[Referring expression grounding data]
BEGIN

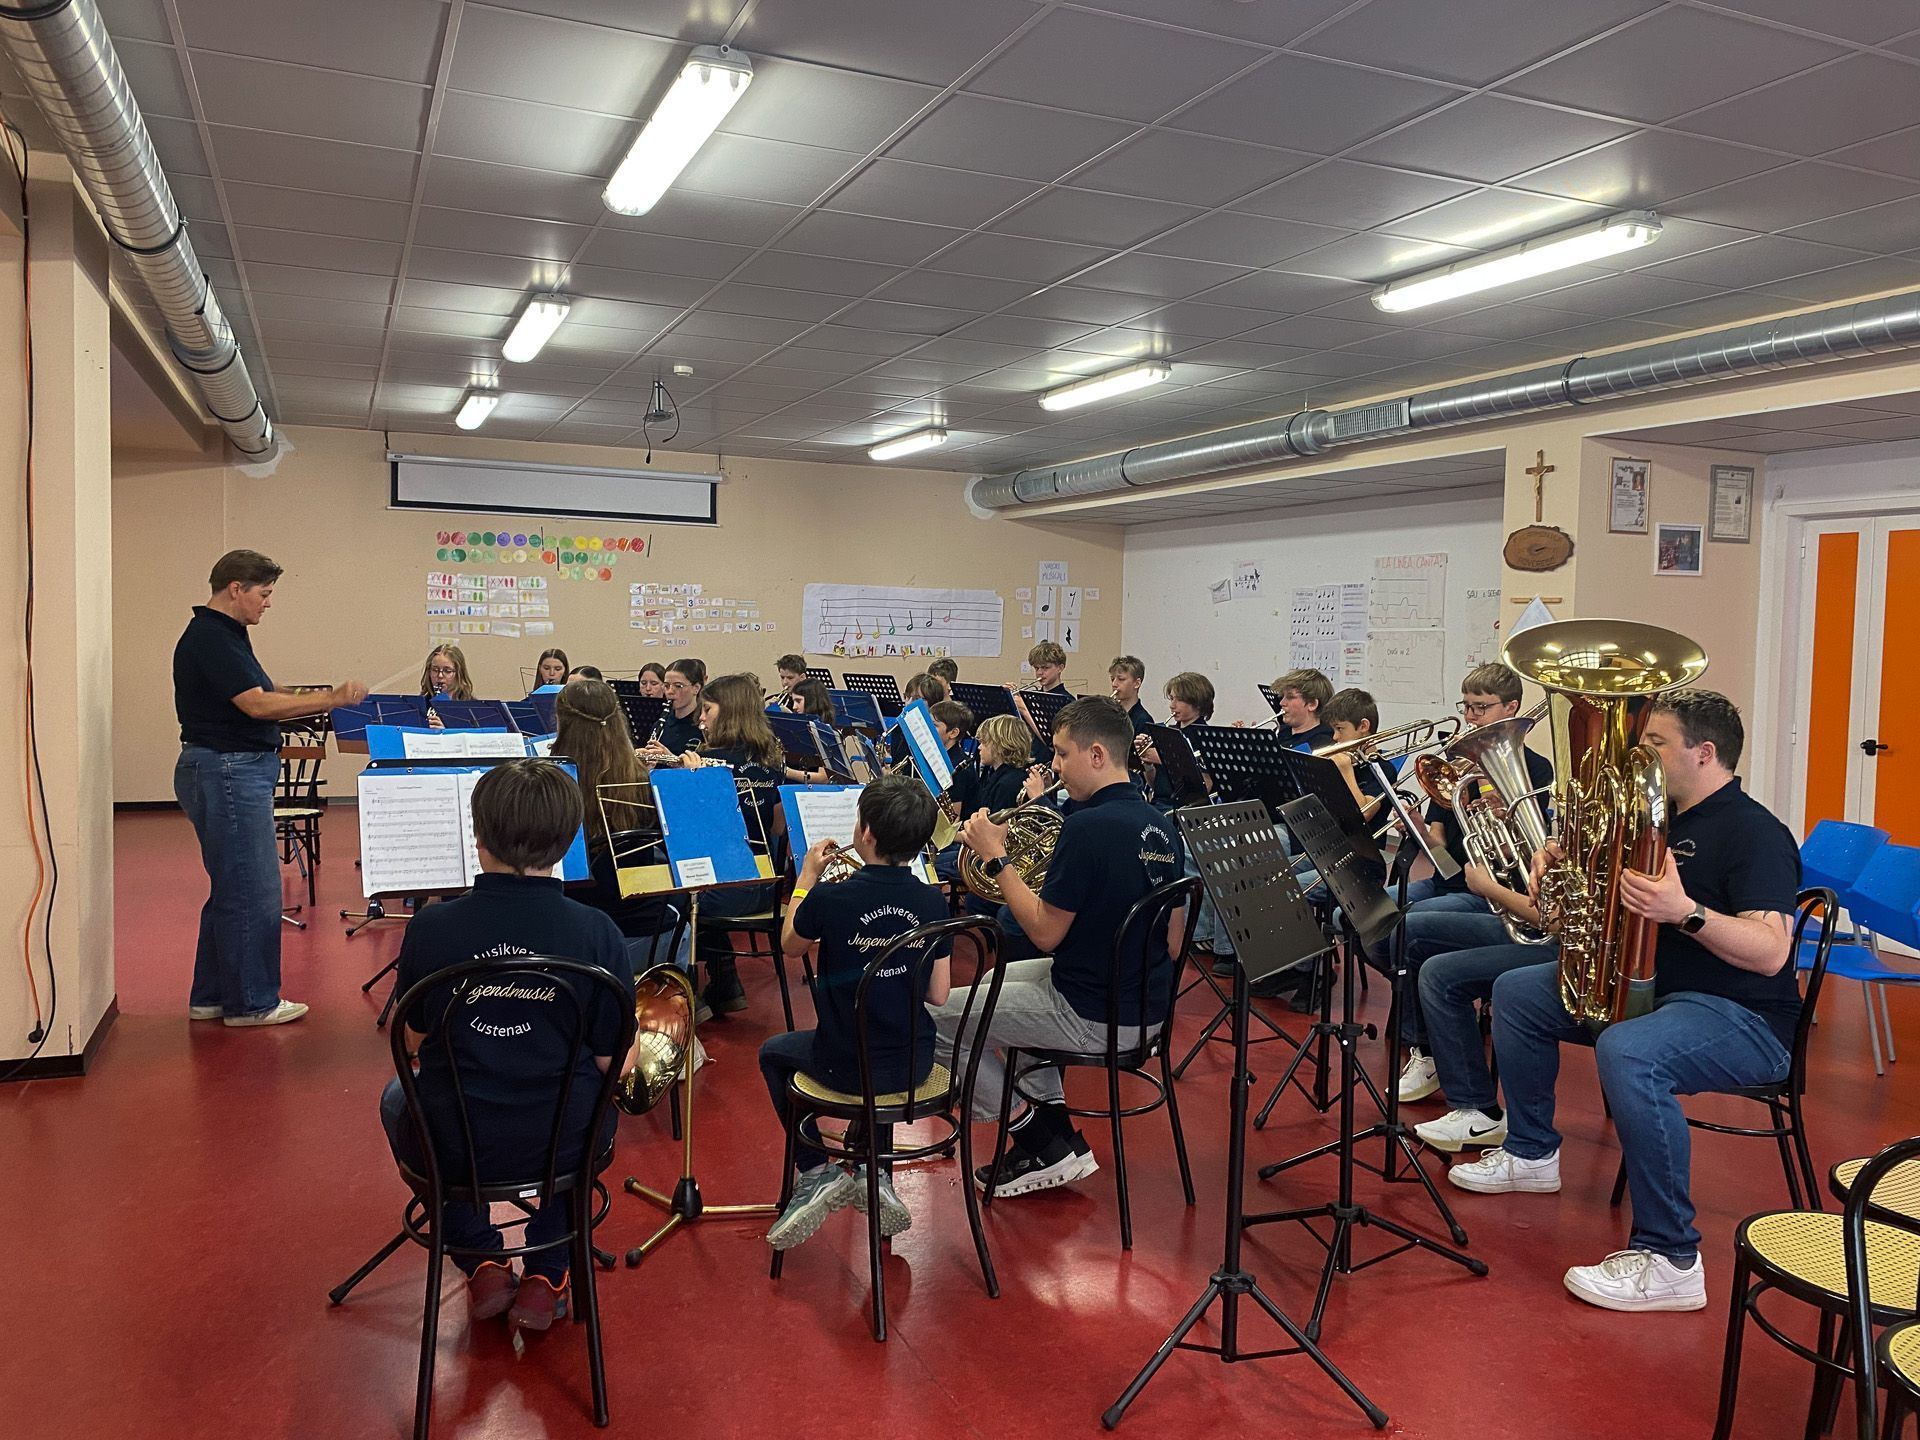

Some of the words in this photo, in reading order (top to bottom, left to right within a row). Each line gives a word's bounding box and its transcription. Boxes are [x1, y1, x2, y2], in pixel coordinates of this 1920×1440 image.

[738, 761, 770, 775] Musikvein
[859, 904, 921, 928] Musikverein
[847, 932, 926, 954] Jugendsik
[452, 978, 556, 1005] Jgendmusik
[469, 1016, 532, 1038] Lustenau
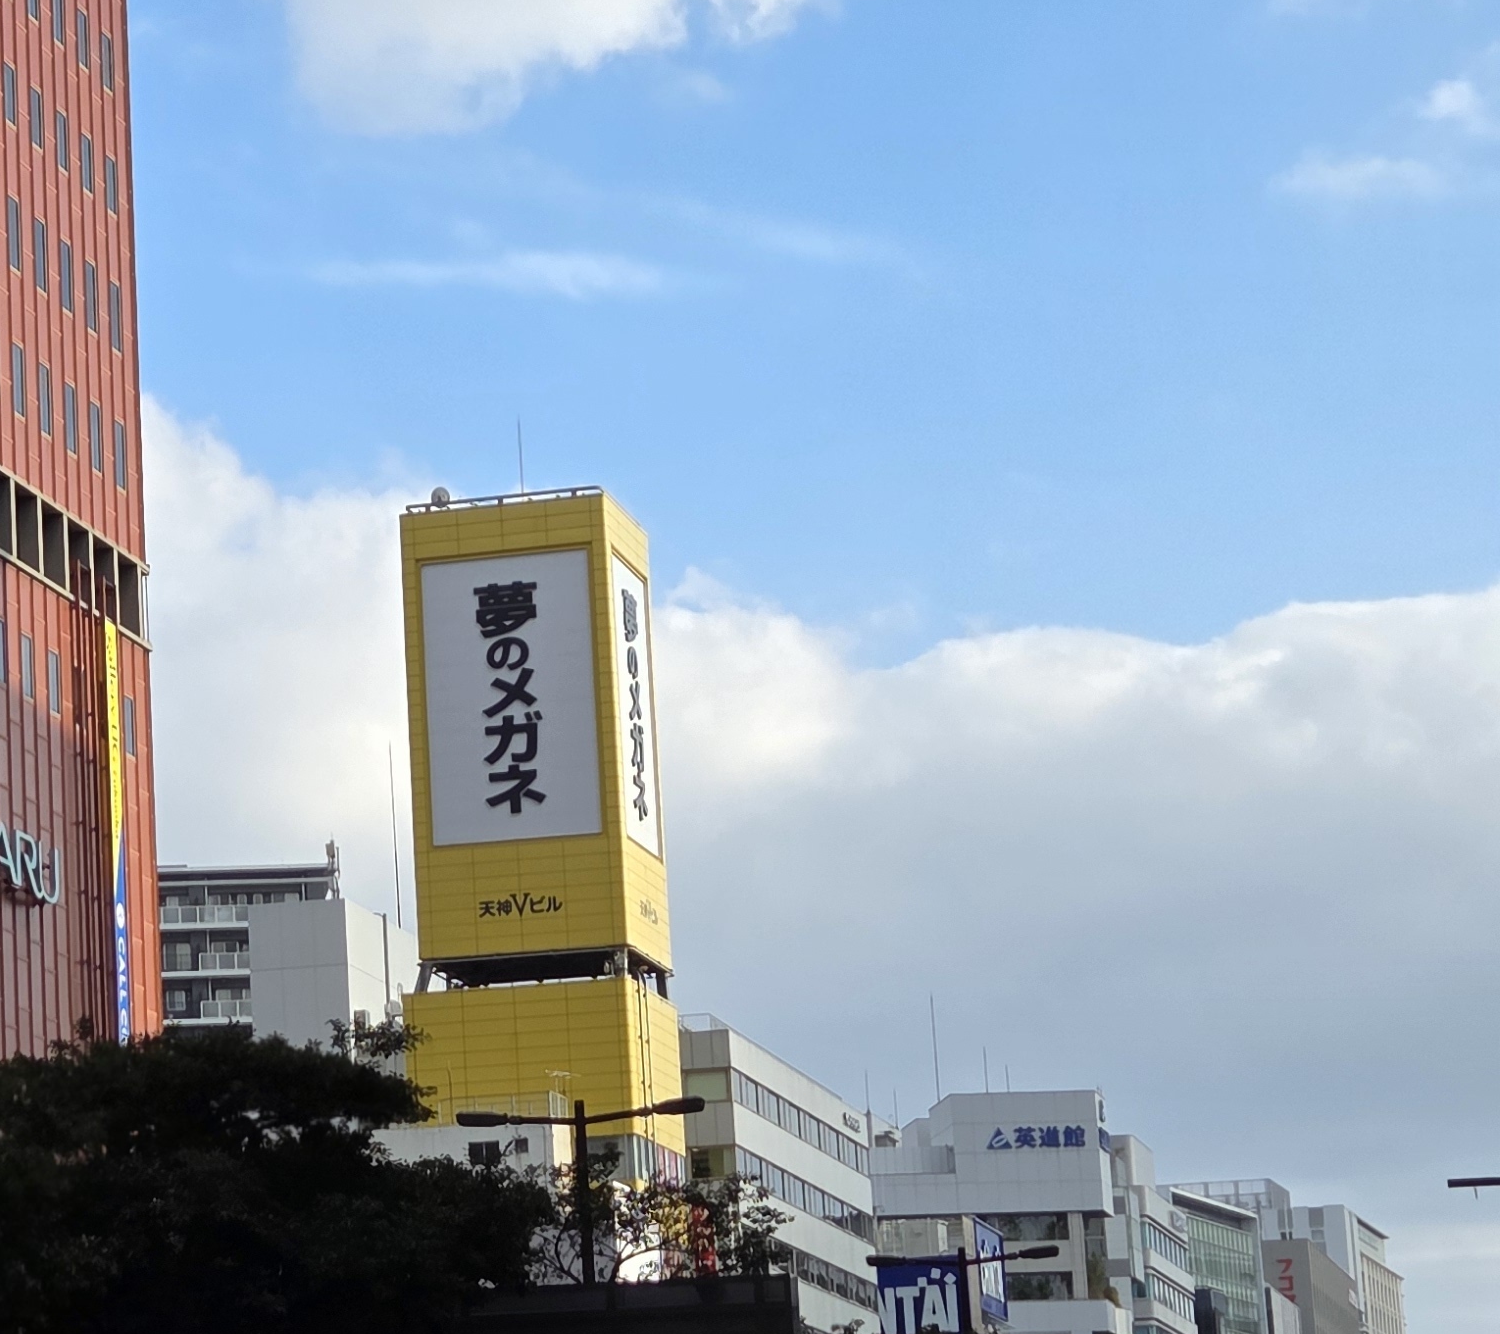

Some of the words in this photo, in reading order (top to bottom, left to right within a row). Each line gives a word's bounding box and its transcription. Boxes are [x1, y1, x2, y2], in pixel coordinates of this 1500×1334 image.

[473, 580, 548, 815] 夢のメガネ
[478, 892, 563, 919] 天神Vビル
[118, 936, 127, 1003] CALL
[1013, 1125, 1086, 1149] 英進館

END

### [Brief]
Exact copies of all the entries, without any pictures, are what the answer must contain.

### [Your solution]
Some of the words in this photo, in reading order (top to bottom, left to right within a row). Each line gives a word's bounding box and its transcription. Boxes are [x1, y1, x2, y2], in pixel coordinates of this 1920×1440 image.

[738, 761, 770, 775] Musikvein
[859, 904, 921, 928] Musikverein
[847, 932, 926, 954] Jugendsik
[452, 978, 556, 1005] Jgendmusik
[469, 1016, 532, 1038] Lustenau

Some of the words in this photo, in reading order (top to bottom, left to right within a row). Each line gives a word's bounding box and its transcription. Boxes are [x1, y1, x2, y2], in pixel coordinates of this 1500×1334 image.

[473, 580, 548, 815] 夢のメガネ
[478, 892, 563, 919] 天神Vビル
[118, 936, 127, 1003] CALL
[1013, 1125, 1086, 1149] 英進館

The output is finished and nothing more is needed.